El Garona ha sido el hilo conductor de mi estancia en el valle. El sábado amaneció con un día espléndido que invitaba a recorrer algún rincón de estas montañas aún nevadas. Sin plano y sin activar la voz impertinente de la guía que llevamos escondida en el salpicadero del coche y confiando en nuestra memoria y en un cierto sentido de la orientación que presumimos tener, nos atrevemos a buscar el caño por el que resurge el agua que viene de la otra vertiente de las montañas. Así, sin ni siquiera recordar el nombre del lugar hacia donde queremos ir. Empezamos el viaje con un cierto espíritu aventurero controlado. (Parezco más atrevido de lo que realmente soy) La intuición nos dice que debemos tomar la carretera que va hacia Francia y en ella esperamos encontrar el desvío que nos lleve hacia la fuente misteriosa. (No os voy a contar nada más de esta aventura, porque ni tengo suficiente espacio ni puedo evitar contaros algo de farmacia, pero al menos os diré que encontramos el desvío, llegamos a la fuente y pudimos admirar las cumbres del Malh dera Artga, de la Pena Nera y de la Forcanada de Nicoles.

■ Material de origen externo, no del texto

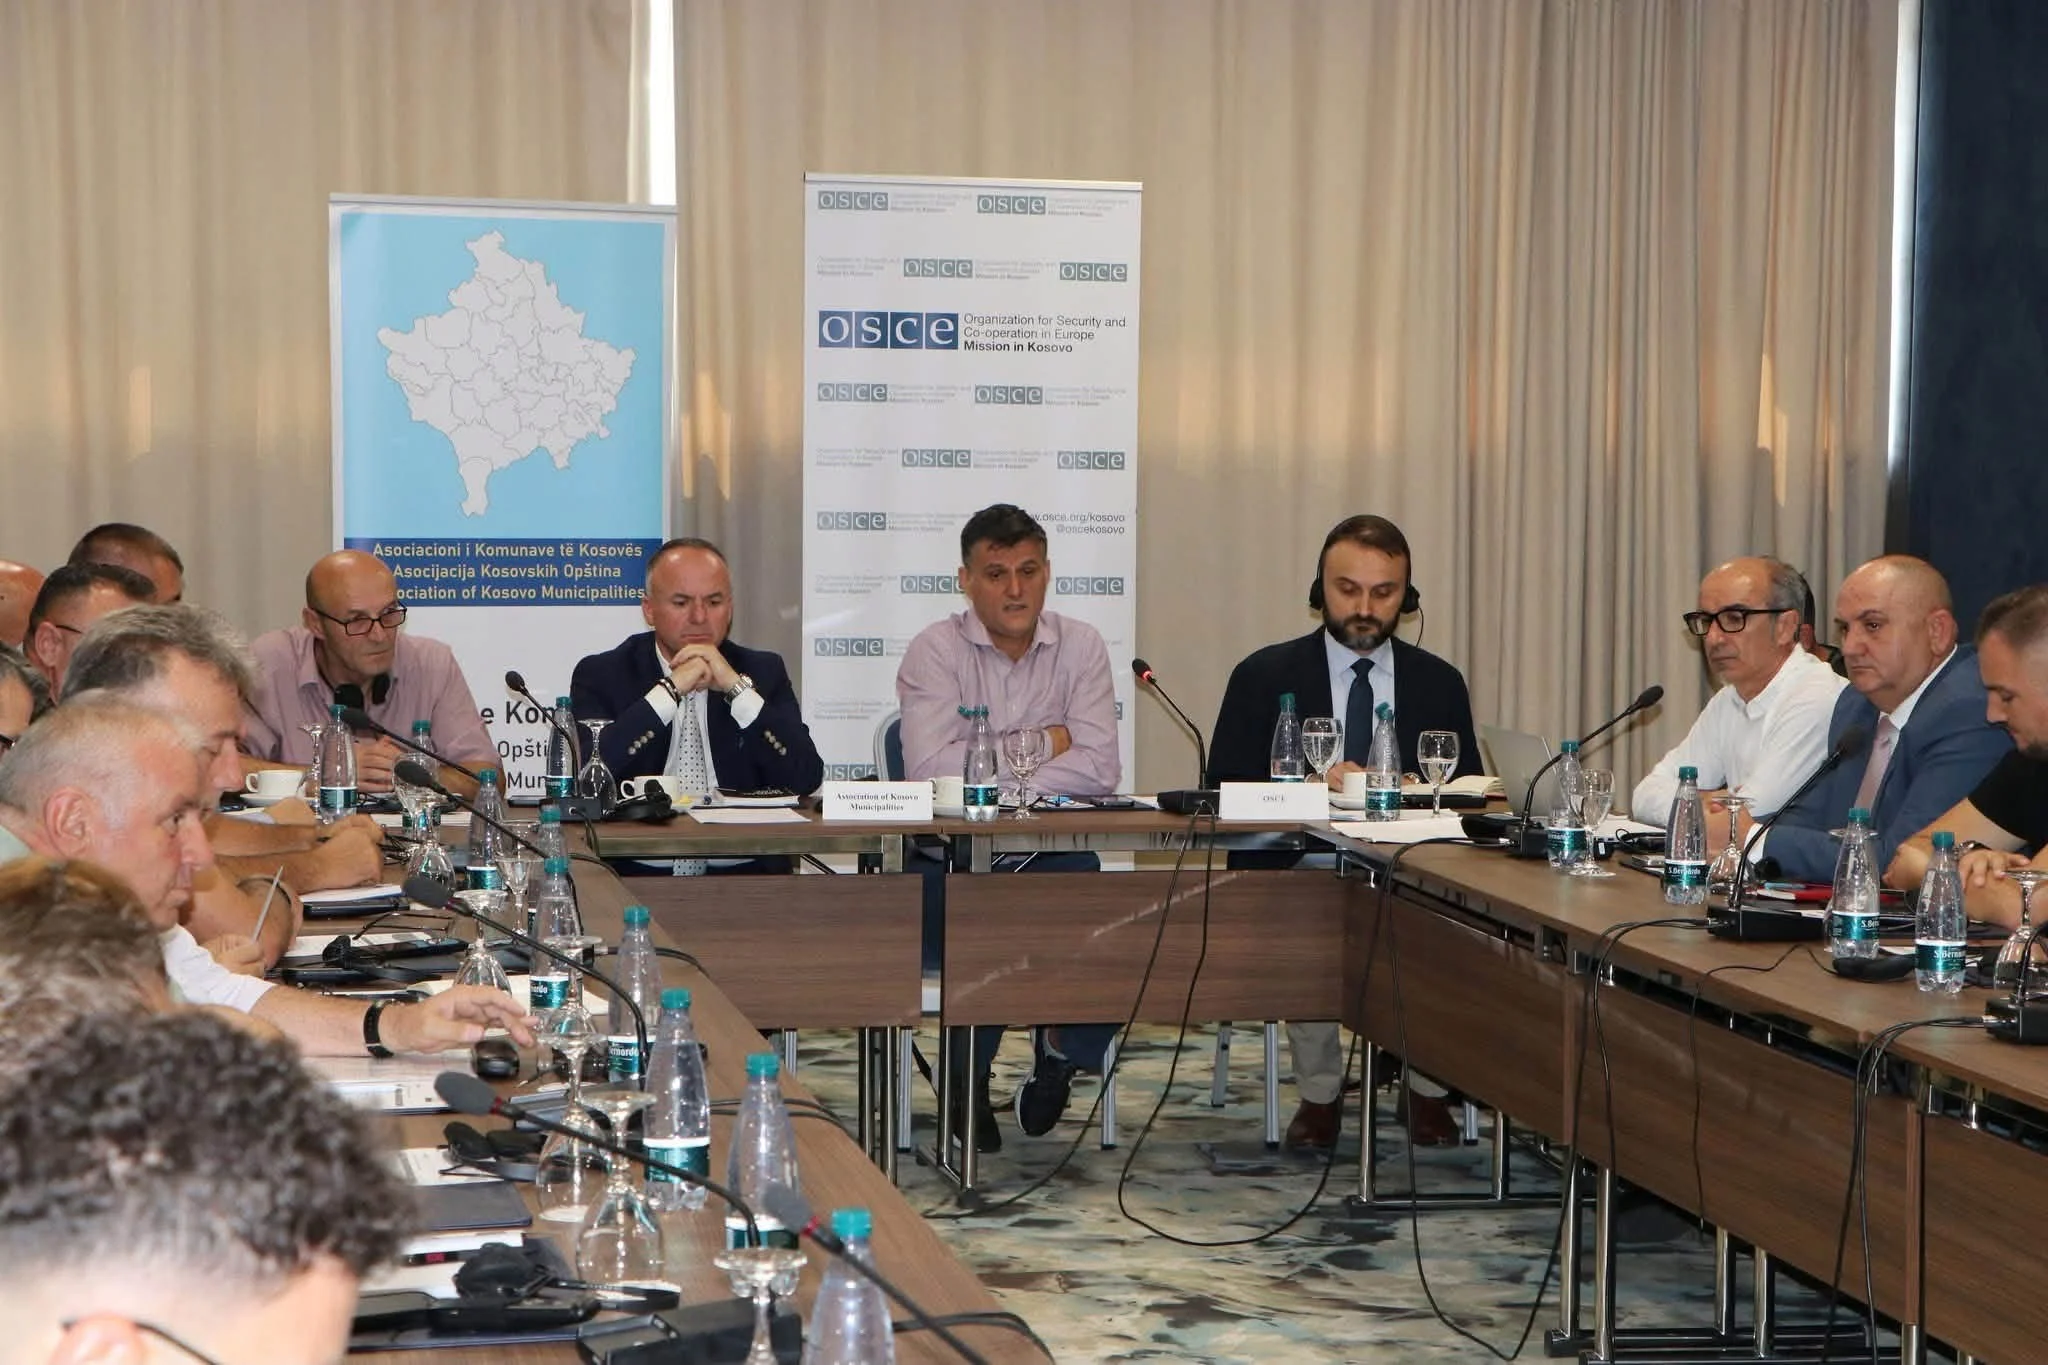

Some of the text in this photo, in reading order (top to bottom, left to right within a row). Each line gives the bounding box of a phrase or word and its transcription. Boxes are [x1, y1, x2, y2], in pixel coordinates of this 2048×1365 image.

[818, 191, 888, 210] osce
[978, 195, 1046, 215] osce
[904, 259, 973, 278] osce
[1060, 262, 1127, 282] osce
[819, 311, 958, 349] osce
[964, 314, 1126, 330] Organization for Security and
[964, 327, 1095, 342] Co-operation in Europe
[964, 341, 1073, 353] Mission in Kosovo
[818, 383, 887, 402] osce
[975, 385, 1043, 405] osce
[902, 448, 971, 468] osce
[1057, 451, 1125, 470] osce
[817, 512, 886, 530] osce
[373, 543, 642, 557] Asociacioni i Komunave të Kosovës
[393, 564, 621, 581] Asocijacija Kosovskih Opština
[462, 585, 476, 600] of
[481, 586, 536, 600] Kosovo
[542, 585, 645, 601] Municipalities
[1056, 577, 1123, 595] osce
[816, 638, 883, 656] osce
[836, 793, 919, 801] Association of Kosovo
[850, 803, 904, 812] Municipalities

Si tenéis oportunidad acercaos y disfrutad de ese rincón, vale la pena… creo que os he dado suficiente información para que no tengáis problemas en llegar sin necesidad de confiar en el navegador)

De vuelta del paseo, nos espera la visita a una empresa estadounidense propietaria de una central que genera electricidad quemando gas sin emitir anhídrido carbónico al aire y que gestiona también el negocio del caviar aranés en la piscifactoría de Acipenser baeri, que aprovecha el agua cristalina del Garona, que es a su vez la que utiliza para refrigerar la central. Un ejemplo de imaginación y de eficiencia ecológica y económica.

Los ejemplares de alevín de esturión comprados a empresas francesas e italianas crecen en cárceles acuáticas que se mantienen a 18 grados centígrados. La ilusión del biólogo que nos cuenta las virtudes de este pez originario del lago Baikal en la lejana Liberia, que se ha mantenido inalterado desde hace doscientos millones de años, no puede compensar la tristeza que me produce verlos nadar dando círculos cansinamente entre las paredes de esas grandes bañeras de agua templada.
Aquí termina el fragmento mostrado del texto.